Crocetta e il suo amore per le denunce in Procura

"Ancora una volta anziché affrontare le questioni e proporre metodicamente fruttuose soluzioni, va in scena il "format Crocetta". C'è il malaffare, vado in Procura! E così continuiamo ad imbalsamare. Crocetta confonde la Rai con la casa di produzione Palomar. In procura ci vada se serve ma risolva anche le questioni se ne è capace!". Così il deputato regionale Lillo Firetto, sindaco di Porto Empedocle, componente della Fondazione Andrea Camilleri e presidente del Distretto Turistico di Agrigento sull'ultima esternazione del Presidente Crocetta sulla vicenda Montalbano-Rai.

"Non basta dire di amare la Sicilia, di voler lavorare per il rilancio e per la rivoluzione, non basta neppure pavoneggiarsi con tour tra le città natali degli scrittori italiani. Tutto questo non basta". Lo dicono i deputati di Articolo 4 Alice Anselmo e Luca Sammartino che proseguono "Non basta se poi si lascia che una produzione come “ Il commissario Montalbano” venga sradicata dalla sua cornice naturale, per essere spostata ad Otranto, luogo delizioso ma che nulla c’entra con le storie di Camilleri, che negli anni hanno costituito il motore del turismo ragusano". Non convince la risposta di crocetta: "Non basta uscirsene con una battuta su altre produzioni contestate - concludono Anselmo e Sammartino - occorre evitare questo continuo 'esodo' dalla Sicilia dei suoi figli migliori, anche quando questi figli sono frutto della fantasia di un illustre siciliano".

La vicenda in commissione di vigilanza Rai

Il deputato del Partito democratico e segretario della commissione di Vigilanza Rai, Michele Anzaldi: “Sarebbe veramente singolare se una produzione di eccellenza del servizio pubblico italiano come il Commissario Montalbano, esportata in tutto il mondo – spiega Anzaldi – venisse taroccata con l’ambientazione in un territorio diverso dalla Sicilia. E’ opportuno che la Rai chiarisca e intervenga”. “Forse la Rai e la Palomar – spiega Anzaldi – dovrebbero chiedere ad Andrea Camilleri, inventore delle avventure del commissario, e alla casa editrice Sellerio, cosa ne pensino del possibile spostamento della produzione televisiva in Puglia. Dopo i casi di italian sounding, con i prodotti enogastronomici di eccellenza del nostro Paese taroccati all’estero, siamo ora a una sorta di sicilian sounding? Sembra che la casa di produzione abbia chiesto sovvenzioni economiche agli enti locali e si parla addirittura della possibile richieste di ulteriori tasse ai cittadini, per far rimanere le riprese a Ragusa. Sarebbe grave se una cattiva gestione di questa vicenda finisse per danneggiare, anche economicamente, uno dei prodotti di punta del servizio pubblico, fiore all’occhiello anche nella distribuzione a livello internazionale”.

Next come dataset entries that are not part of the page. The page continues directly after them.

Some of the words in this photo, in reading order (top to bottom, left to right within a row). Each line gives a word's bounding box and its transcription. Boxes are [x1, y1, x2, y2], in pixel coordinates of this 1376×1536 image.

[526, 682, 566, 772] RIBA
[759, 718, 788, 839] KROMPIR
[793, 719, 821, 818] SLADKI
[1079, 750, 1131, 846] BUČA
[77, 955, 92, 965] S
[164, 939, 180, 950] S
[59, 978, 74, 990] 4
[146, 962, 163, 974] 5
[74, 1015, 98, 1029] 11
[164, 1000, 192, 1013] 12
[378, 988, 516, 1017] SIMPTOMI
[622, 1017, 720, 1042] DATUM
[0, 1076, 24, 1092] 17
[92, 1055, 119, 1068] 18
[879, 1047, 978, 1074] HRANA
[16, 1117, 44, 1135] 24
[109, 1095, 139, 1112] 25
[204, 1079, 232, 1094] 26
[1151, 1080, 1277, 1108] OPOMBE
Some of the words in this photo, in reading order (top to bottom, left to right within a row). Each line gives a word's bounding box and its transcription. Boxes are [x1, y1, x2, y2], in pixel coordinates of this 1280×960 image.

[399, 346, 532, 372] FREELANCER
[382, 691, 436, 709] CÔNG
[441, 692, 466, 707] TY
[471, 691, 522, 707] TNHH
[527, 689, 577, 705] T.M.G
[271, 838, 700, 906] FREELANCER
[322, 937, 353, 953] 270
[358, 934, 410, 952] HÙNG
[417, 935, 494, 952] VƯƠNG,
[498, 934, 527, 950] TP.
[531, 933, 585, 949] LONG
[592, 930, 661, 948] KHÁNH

“Sembra una guerra tra ricchi – aggiunge Anzaldi – da una parte un territorio come la regione autonoma siciliana, famosa per gli sprechi come quello dello scandalo Giacchetto, dall’altra una societa’ di produzione televisiva che ha la fortuna e la capacita’ di essere presente negli appalti del servizio pubblico e gestisce il suo prodotto di punta, come ha dichiarato il direttore di Rai Fiction Eleonora Andreatta in audizione in Vigilanza. Nel mezzo c’e’ la correttezza dovuta agli spettatori”.